_ABOUT THIS EXERCISE:_
Your task is to repeat the lines below exactly, excluding any pictures they contain.

_SUPPLIED RECORDS:_

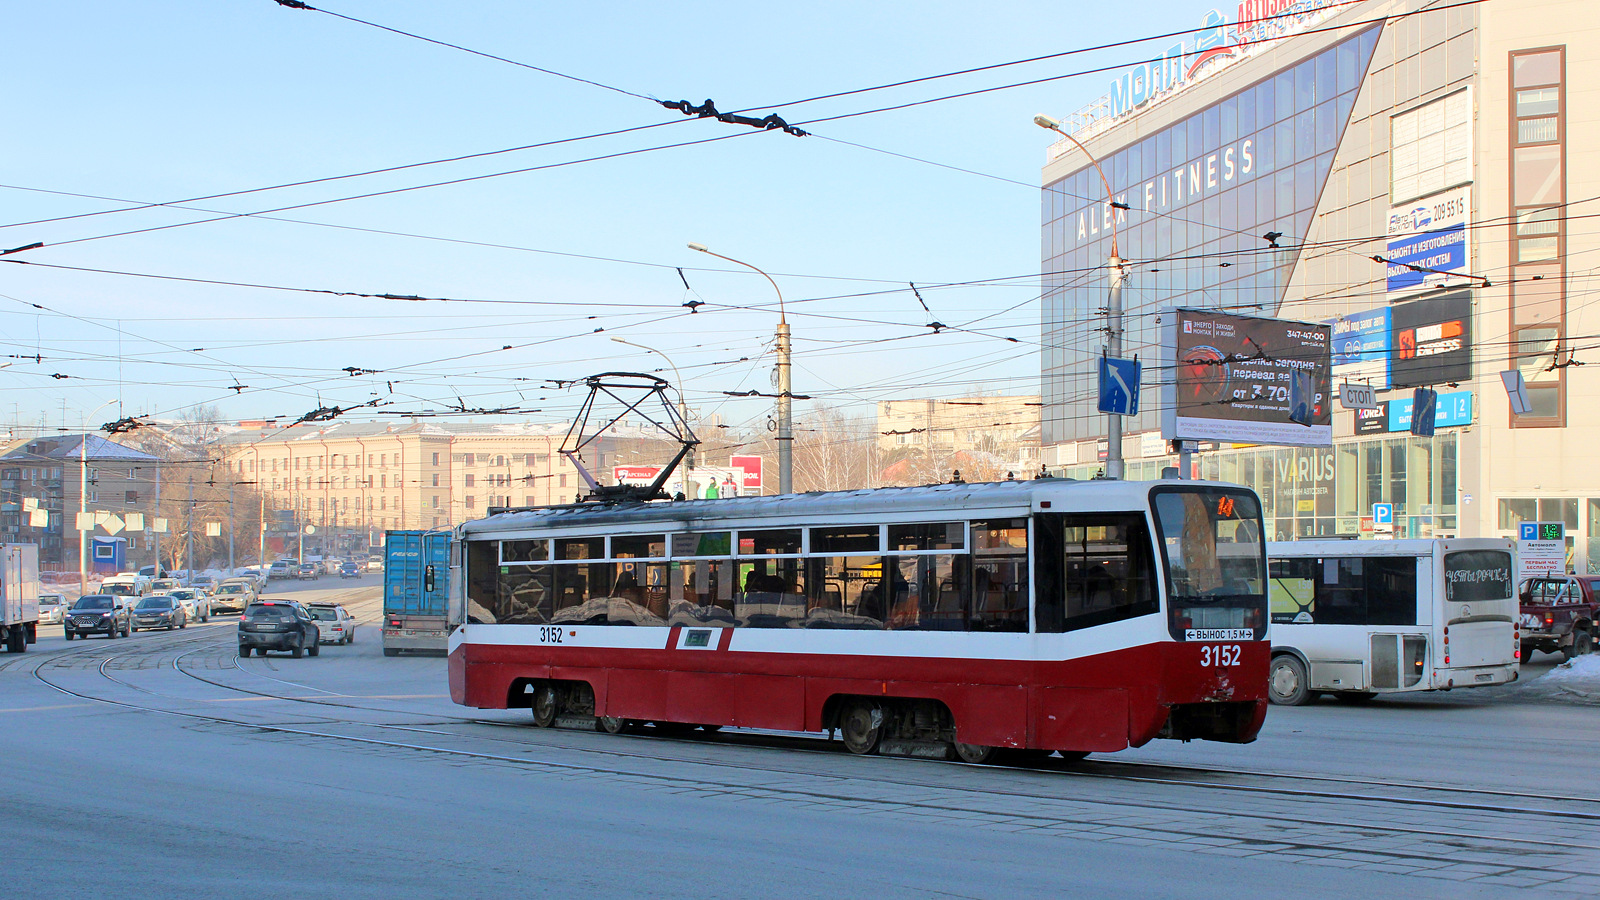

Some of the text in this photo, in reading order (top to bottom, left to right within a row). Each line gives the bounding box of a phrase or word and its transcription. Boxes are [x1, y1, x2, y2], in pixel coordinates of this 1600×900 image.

[1110, 41, 1184, 118] МОЛЛ
[1077, 139, 1253, 241] ALEX FITNESS
[1433, 203, 1445, 222] 209
[1447, 200, 1455, 218] 55
[1456, 197, 1464, 214] 15
[1387, 230, 1465, 260] РЕМОНТ И ИЗГОТОВЛЕНИЕ
[1426, 252, 1451, 267] СИСТЕМ
[1193, 321, 1212, 329] ЭНЕРГО
[1193, 328, 1212, 336] МОНТАЖ
[1287, 330, 1325, 341] 347-47-00
[1274, 358, 1315, 370] сегодня
[1233, 369, 1275, 382] переезд
[1232, 389, 1247, 399] от
[1346, 390, 1371, 404] СТОП
[1459, 398, 1465, 412] 2
[1278, 455, 1334, 483] VARIUS
[1283, 488, 1303, 497] МАГАЗИН
[540, 626, 563, 643] 3152
[1196, 629, 1245, 640] ВЫНОС 1,5 М
[1200, 645, 1241, 666] 3152
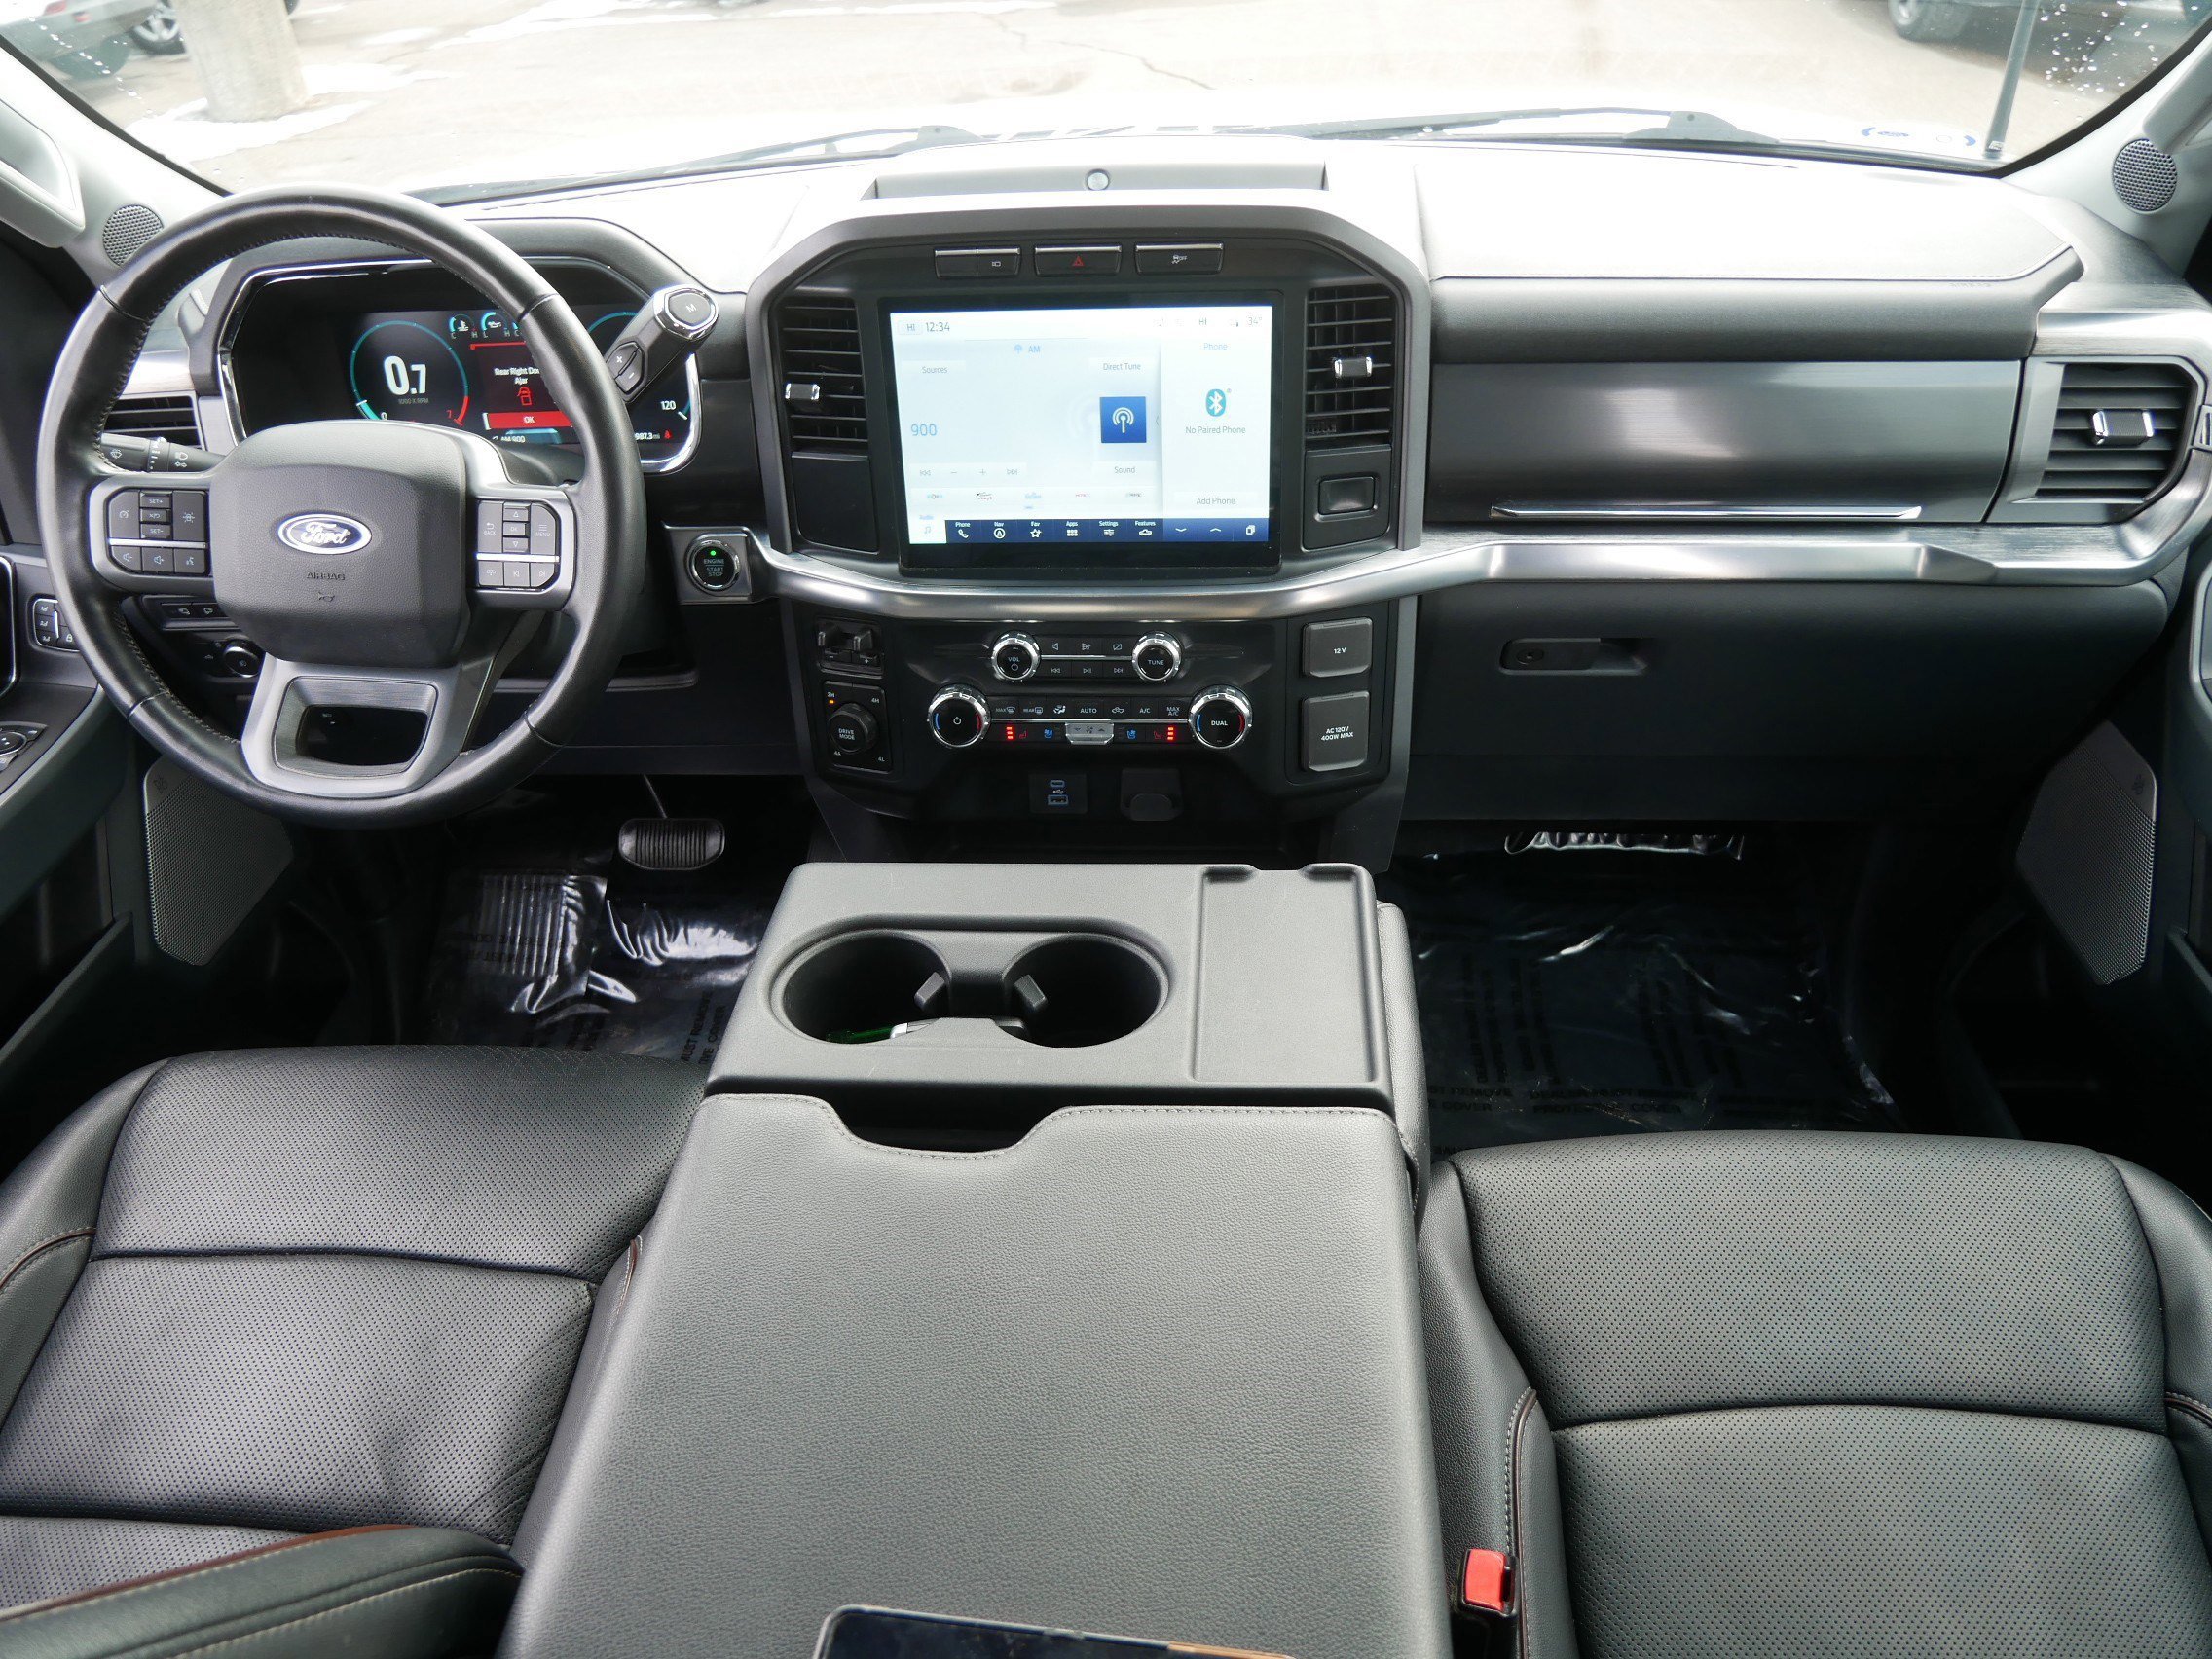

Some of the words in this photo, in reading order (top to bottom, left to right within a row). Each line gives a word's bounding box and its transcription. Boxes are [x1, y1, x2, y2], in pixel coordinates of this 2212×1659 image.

[686, 302, 697, 313] M
[906, 323, 916, 332] HI
[925, 321, 950, 332] 12:34
[1028, 345, 1041, 353] AM
[1203, 342, 1228, 350] Phone
[921, 365, 948, 375] Sources
[1102, 362, 1123, 371] Direct
[1124, 362, 1141, 371] Tune
[383, 354, 427, 396] 0.7
[660, 400, 677, 411] 120
[523, 416, 535, 424] OK
[910, 424, 938, 437] 900
[1185, 425, 1197, 434] No
[1197, 425, 1221, 434] Paired
[1222, 425, 1246, 434] Phone
[1114, 465, 1136, 474] Sound
[1196, 497, 1211, 505] Add
[1212, 497, 1236, 505] Phone
[300, 521, 351, 544] Ford
[1320, 733, 1340, 742] 400W
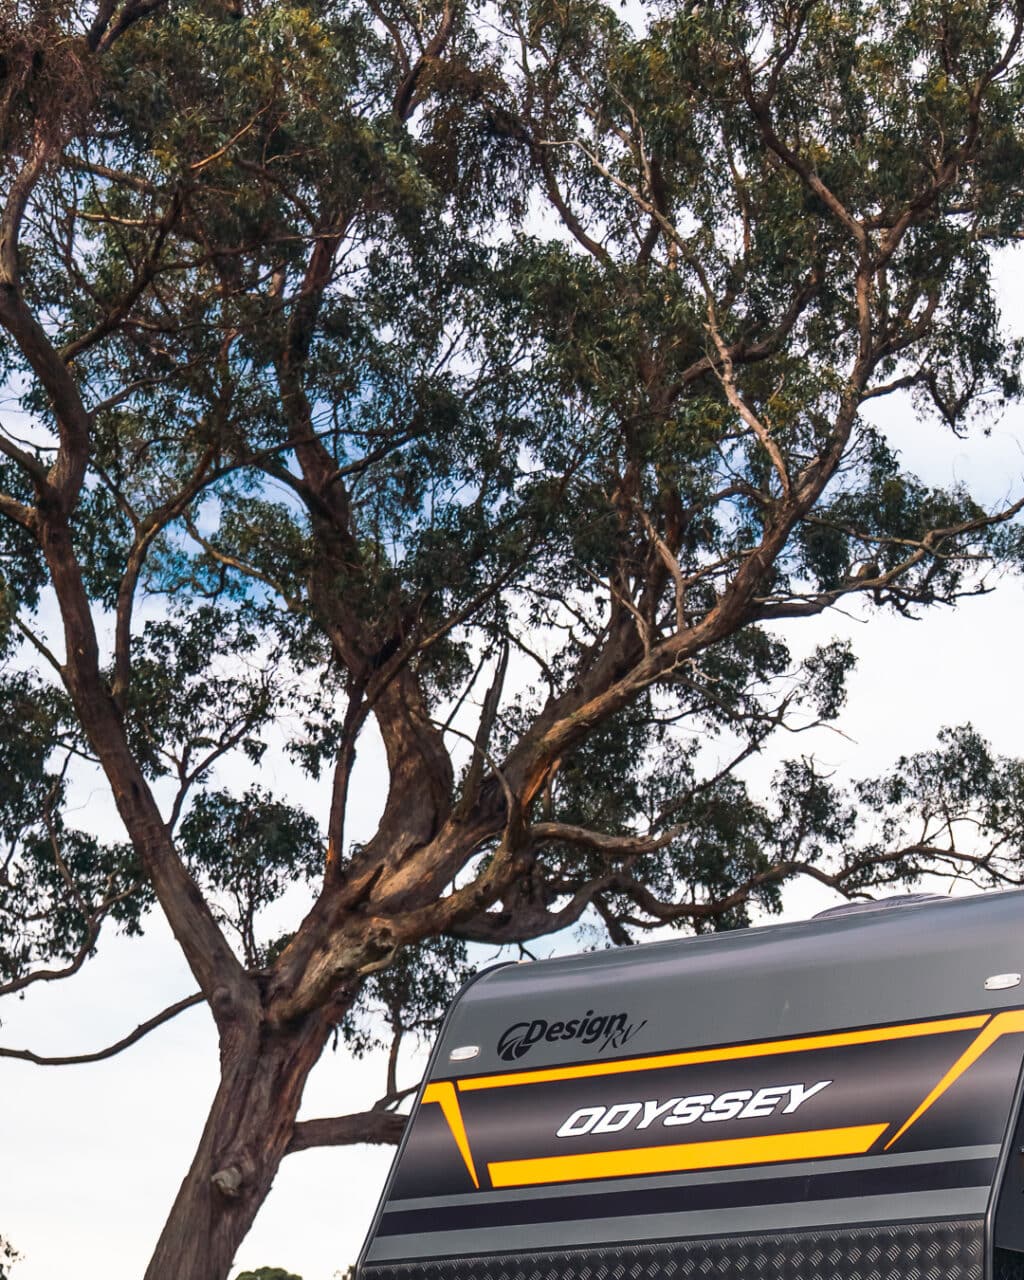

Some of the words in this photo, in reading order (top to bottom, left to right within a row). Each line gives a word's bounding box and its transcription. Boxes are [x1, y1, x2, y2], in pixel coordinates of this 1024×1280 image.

_EXERCISE OUTPUT:_
Some of the text in this photo, in reading order (top to bottom, left to right within a row). Each line gives the bounding box of a phrase or word and its transcription. Boxes are [x1, y1, x2, y2], in pixel coordinates of this 1600×900 image.

[1110, 41, 1184, 118] МОЛЛ
[1077, 139, 1253, 241] ALEX FITNESS
[1433, 203, 1445, 222] 209
[1447, 200, 1455, 218] 55
[1456, 197, 1464, 214] 15
[1387, 230, 1465, 260] РЕМОНТ И ИЗГОТОВЛЕНИЕ
[1426, 252, 1451, 267] СИСТЕМ
[1193, 321, 1212, 329] ЭНЕРГО
[1193, 328, 1212, 336] МОНТАЖ
[1287, 330, 1325, 341] 347-47-00
[1274, 358, 1315, 370] сегодня
[1233, 369, 1275, 382] переезд
[1232, 389, 1247, 399] от
[1346, 390, 1371, 404] СТОП
[1459, 398, 1465, 412] 2
[1278, 455, 1334, 483] VARIUS
[1283, 488, 1303, 497] МАГАЗИН
[540, 626, 563, 643] 3152
[1196, 629, 1245, 640] ВЫНОС 1,5 М
[1200, 645, 1241, 666] 3152

Some of the words in this photo, in reading order (top to bottom, left to right within a row). Each line gives a word's bounding box and its transcription. Boxes are [x1, y1, x2, y2], in pixel coordinates of this 2212×1659 image.

[686, 302, 697, 313] M
[906, 323, 916, 332] HI
[925, 321, 950, 332] 12:34
[1028, 345, 1041, 353] AM
[1203, 342, 1228, 350] Phone
[921, 365, 948, 375] Sources
[1102, 362, 1123, 371] Direct
[1124, 362, 1141, 371] Tune
[383, 354, 427, 396] 0.7
[660, 400, 677, 411] 120
[523, 416, 535, 424] OK
[910, 424, 938, 437] 900
[1185, 425, 1197, 434] No
[1197, 425, 1221, 434] Paired
[1222, 425, 1246, 434] Phone
[1114, 465, 1136, 474] Sound
[1196, 497, 1211, 505] Add
[1212, 497, 1236, 505] Phone
[300, 521, 351, 544] Ford
[1320, 733, 1340, 742] 400W

Some of the words in this photo, in reading order (top to bottom, left to right within a row). Each line gives a word's bounding box and its transcription. Boxes are [x1, y1, x2, y2], in pixel coordinates of this 1024×1280 image.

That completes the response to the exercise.